After that I called upon two or three other men to say a brief word of farewell. I could not help feeling slightly nettled, I must confess, at the very casual way in which they seemed to take my announcement. “Oh, yes,” they said, “naked in the woods, eh? Well, ta-ta till you get back.”
Here was a man about to risk his life—for there was no denying the fact—in a great sociological experiment, yet they received the announcement with absolute unconcern. It offered one more assurance, had I needed it, of the degenerate state of the civilization upon which I was turning my back.
On my way to the train I happened to run into a newspaper reporter with whom I have some acquaintance.
“I’m just off,” I said, “to New England to spend a month naked—at least naked all but my union suit—in the woods; no doubt you’ll like a few details about it for your paper.”
“Thanks, old man,” he said, “we’ve pretty well given up running that nature stuff. We couldn’t do anything with it—unless, of course, anything happens to you. Then we’d be glad to give you some space.”
Several of my friends had at least the decency to see me off on the train. One, and one alone accompanied me on the long night-ride to New England in order that he might bring back my clothes, my watch, and other possessions from the point where I should enter the woods, together with such few messages of farewell as I might scribble at the last moment.
It was early morning when we arrived at the wayside station where we were to alight. From here we walked to the edge of the woods. Arrived at this point we halted. I took off my clothes, with the exception of my union suit. Then, taking a pot of brown stain from my valise, I proceeded to dye my face and hands and my union suit itself a deep butternut brown.

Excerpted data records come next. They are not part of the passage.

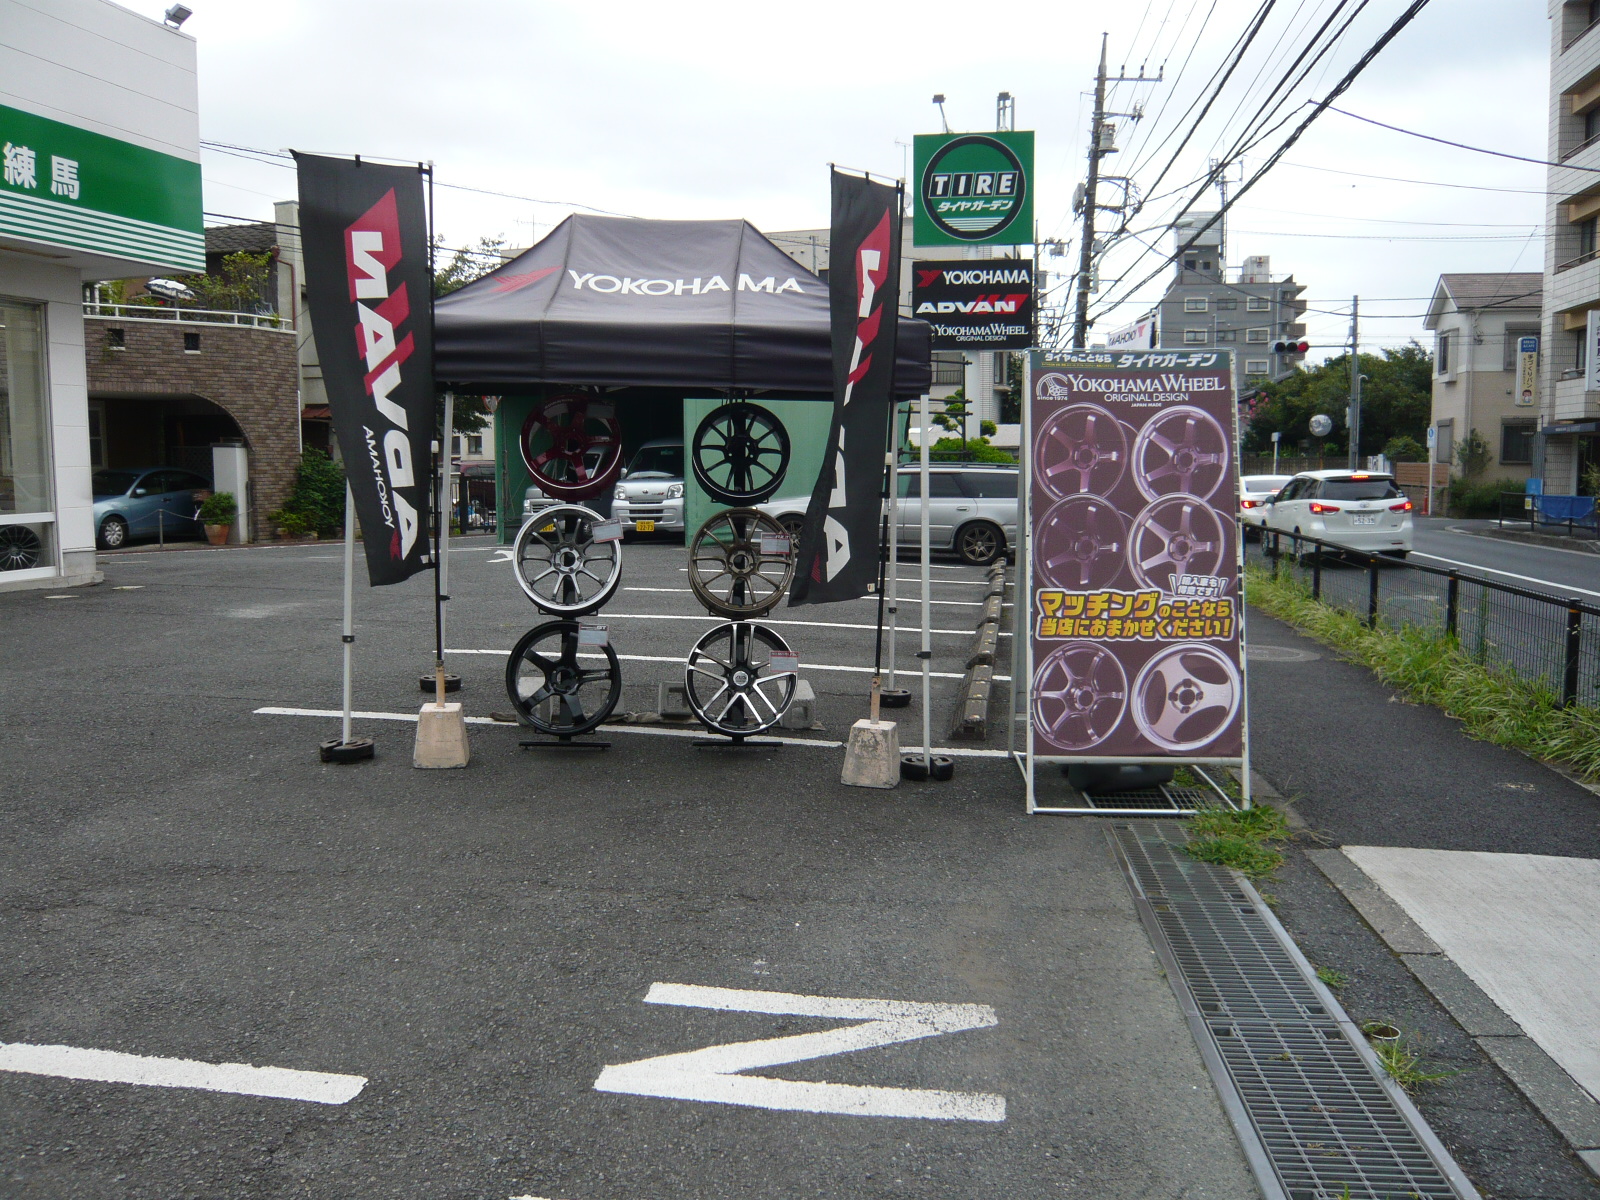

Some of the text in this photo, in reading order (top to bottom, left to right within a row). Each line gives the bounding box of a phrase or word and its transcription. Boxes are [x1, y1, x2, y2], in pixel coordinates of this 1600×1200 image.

[3, 141, 80, 200] 練馬
[935, 174, 1013, 196] TIRE
[937, 199, 1014, 212] タイヤガーデン
[568, 269, 806, 295] YOKOHAMA
[943, 269, 1030, 285] YOKOHAMA
[916, 301, 1015, 314] ADVAN
[935, 323, 1028, 336] YOKOHAMA WHEEL
[1045, 353, 1112, 363] タイヤのことなら
[1116, 353, 1217, 368] タイヤガーデン
[1067, 373, 1226, 392] YOKOHAMA WHEEL
[1104, 393, 1189, 402] ORIGINAL DESIGN
[1040, 592, 1230, 618] マッチングのことなら
[1040, 618, 1231, 637] 当店におまかせください!

“What’s that for?” asked my friend.
“For protection,” I answered. “Don’t you know that all animals are protected by their peculiar markings that render them invisible? The caterpillar looks like the leaf it eats from; the scales of the fish counterfeit the glistening water of the brook; the bear and the ‘possum are coloured like the tree-trunks on which they climb. There!” I added, as I concluded my task. “I am now invisible.”
“Gee!” said my friend.
I handed him back the valise and the empty paint-pot, dropped to my hands and knees—my camera slung about my neck—and proceeded to crawl into the bush. My friend stood watching me.

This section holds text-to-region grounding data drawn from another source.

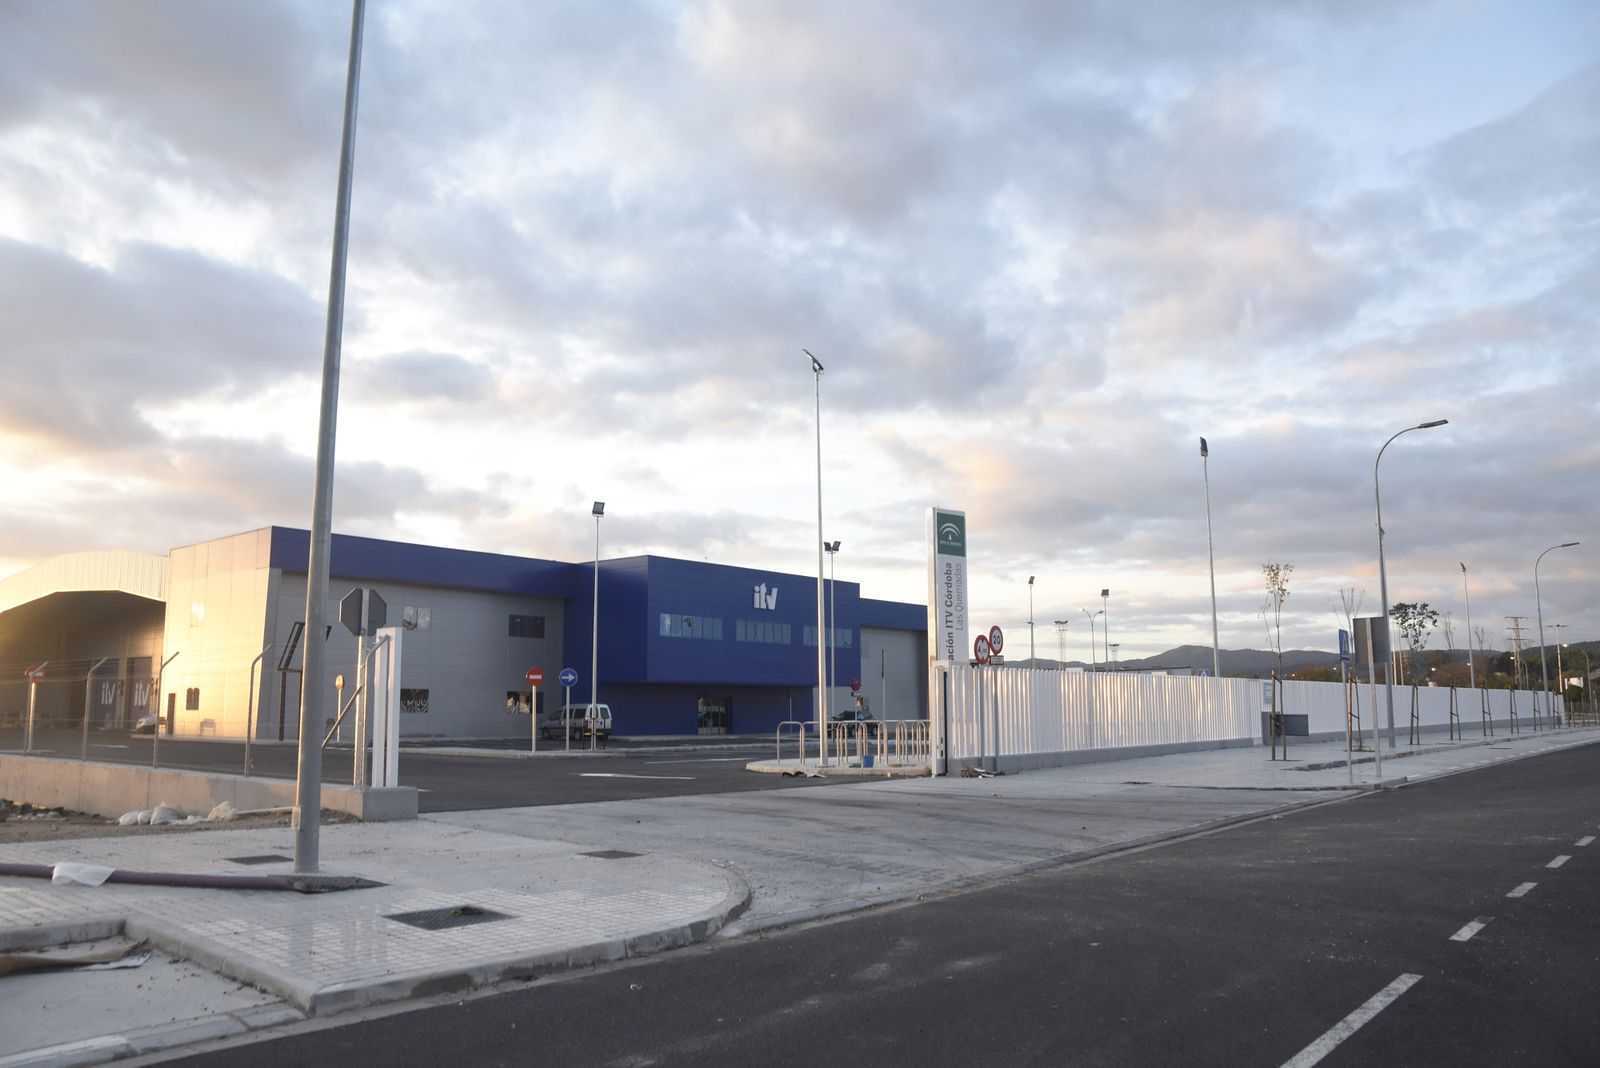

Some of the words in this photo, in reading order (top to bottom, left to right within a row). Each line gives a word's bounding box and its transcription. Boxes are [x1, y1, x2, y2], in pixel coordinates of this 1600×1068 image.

[753, 582, 778, 610] itv
[944, 562, 953, 608] Córdoba
[954, 562, 964, 612] Quemadas
[945, 610, 953, 629] ITV
[955, 614, 964, 631] Las
[992, 634, 1001, 645] 20
[101, 680, 116, 705] itv
[134, 680, 151, 706] itv

“Why don’t you stand up and walk?” I heard him call.
I turned half round and growled at him. Then I plunged deeper into the bush, growling as I went.
After ten minutes’ active crawling I found myself in the heart of the forest. It reached all about me on every side for hundreds of miles. All around me was the unbroken stillness of the woods. Not a sound reached my ear save the twittering of a squirrel, or squirl, in the branches high above my head or the far-distant call of a loon hovering over some woodland lake.
I judged that I had reached a spot suitable for my habitation.
My first care was to make a fire. Difficult though it might appear to the degenerate dweller of the city to do this, to the trained woodsman, such as I had now become, it is nothing. I selected a dry stick, rubbed it vigorously against my hind leg, and in a few moments it broke into a generous blaze. Half an hour later I was sitting beside a glowing fire of twigs discussing with great gusto an appetizing mess of boiled grass and fungi cooked in a hollow stone.
I ate my fill, not pausing till I was full, careless, as the natural man ever is, of the morrow. Then, stretched out upon the pine-needles at the foot of a great tree, I lay in drowsy contentment listening to the song of the birds, the hum of the myriad insects and the strident note of the squirrel high above me. At times I would give utterance to the soft answering call, known to every woodsman, that is part of the freemasonry of animal speech. As I lay thus, I would not have exchanged places with the pale dweller in the city for all the wealth in the world. Here I lay remote from the world, happy, full of grass, listening to the crooning of the birds.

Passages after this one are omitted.